Este cuarto huele a mamá, no tengo dudas. Se movía alrededor del cuarto levantando almohadas y abriendo los roperos vacíos. Ni siquiera abrió su maleta. Se recostó y adormeció. A las tres de la mañana no pudo resistir la tentación de preguntar a su medio hermano sobre su vida. Se levantó y dio tres tímidos golpes a la puerta de su medio hermano. Él abrió de inmediato. No podía dormir.
- ¿Qué quieres?
- Conversar, dijo ella, tratando de acomodar la blusa medio abierta. Sé que nuestros padres son distintos. Nuestras madres nos parieron antes de conocerlo. Podíamos ser amigos. Le dijo ella con ilusión.
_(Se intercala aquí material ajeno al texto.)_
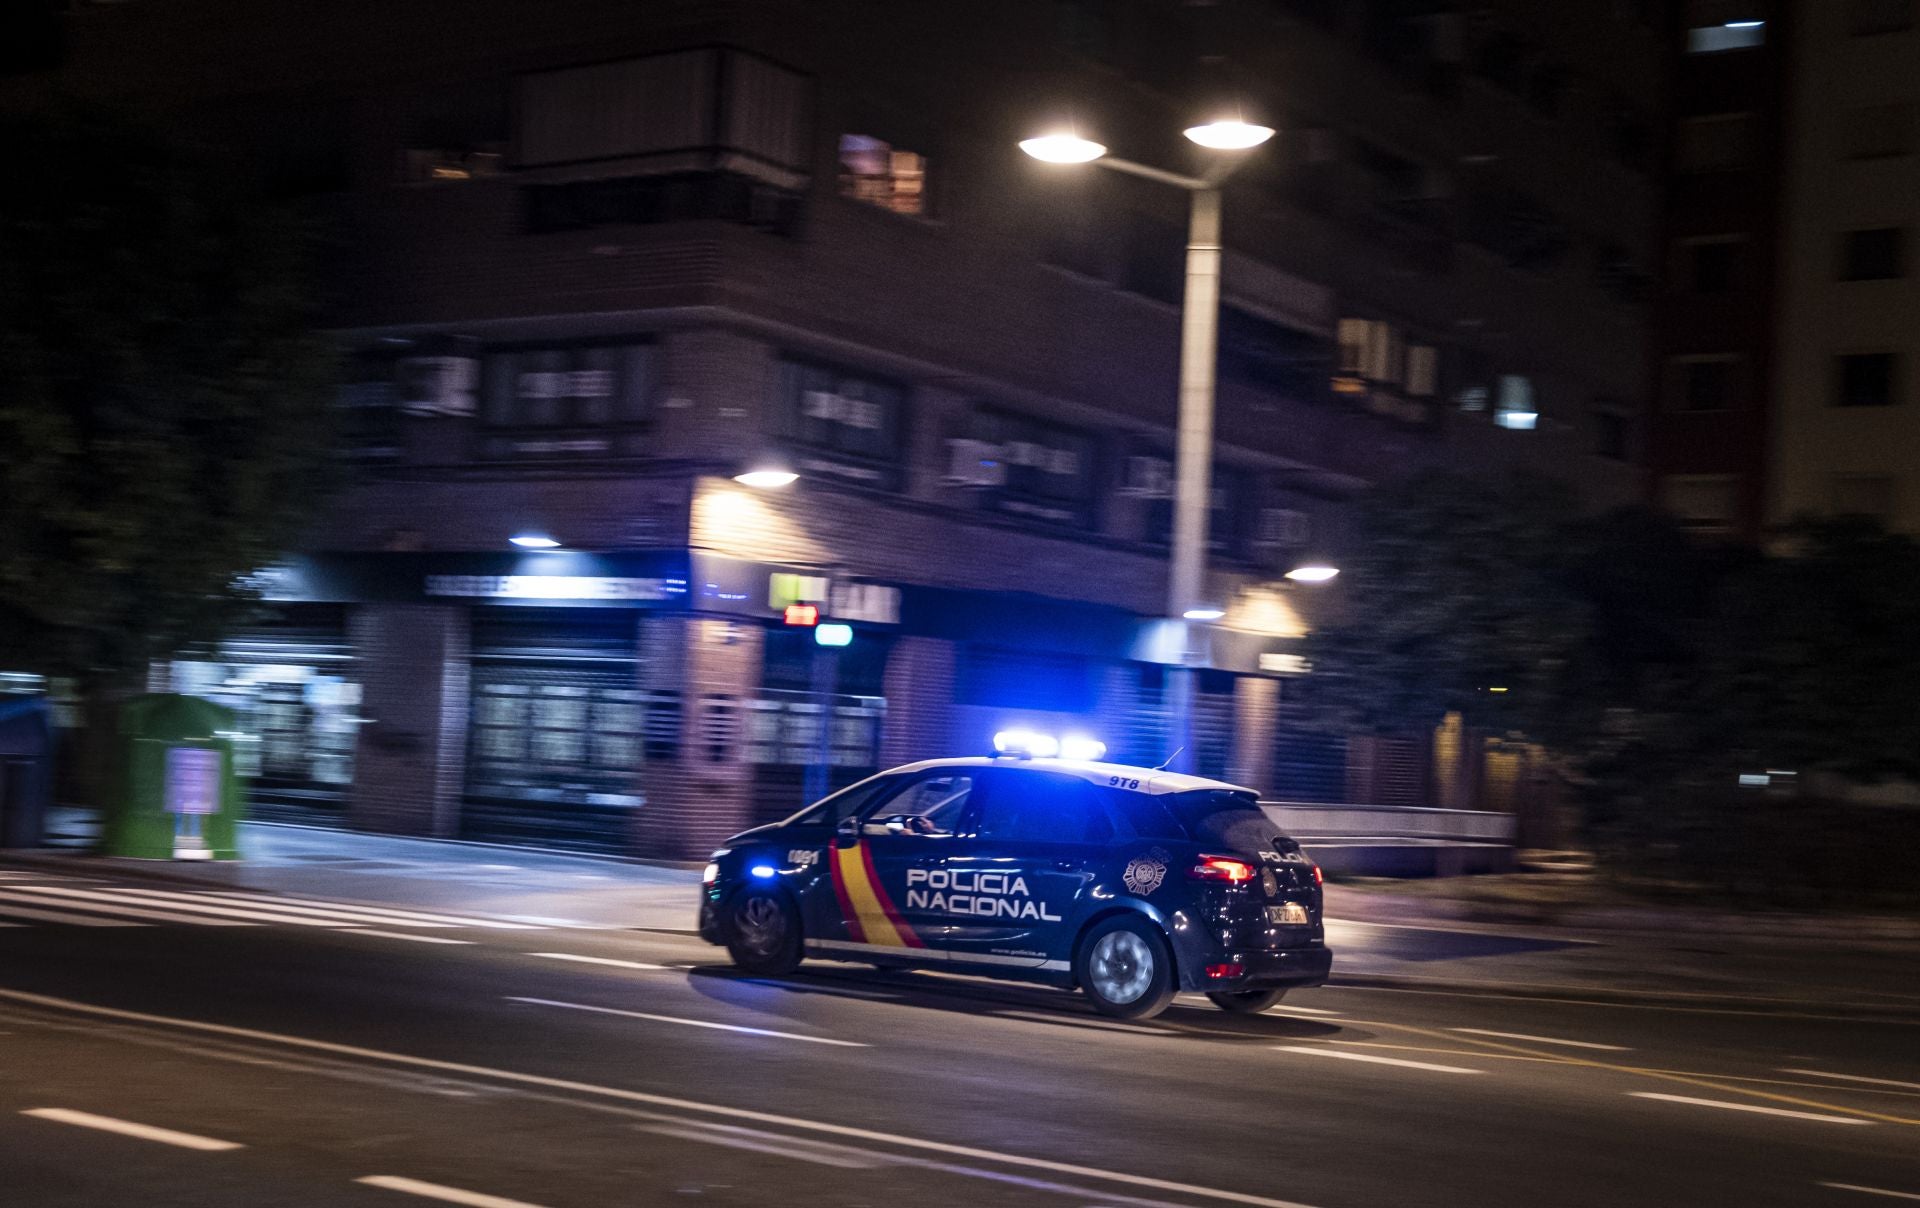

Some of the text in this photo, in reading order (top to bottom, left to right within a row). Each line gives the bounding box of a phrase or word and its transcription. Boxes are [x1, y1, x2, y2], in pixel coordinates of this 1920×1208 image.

-No necesariamente, contestó tajante, abrochándose el primer botón de la camisa.
El Dr. Rovira, con el oído sobre la puerta, intentaba escuchar. Se frotaba las manos un poco por el frío de la desvelada y otro tanto por la esperanza de que pudiera tener ahora sí, una familia completa para su vejez. Voy por el camino cierto, se dijo satisfecho de sí mismo. Se gustan.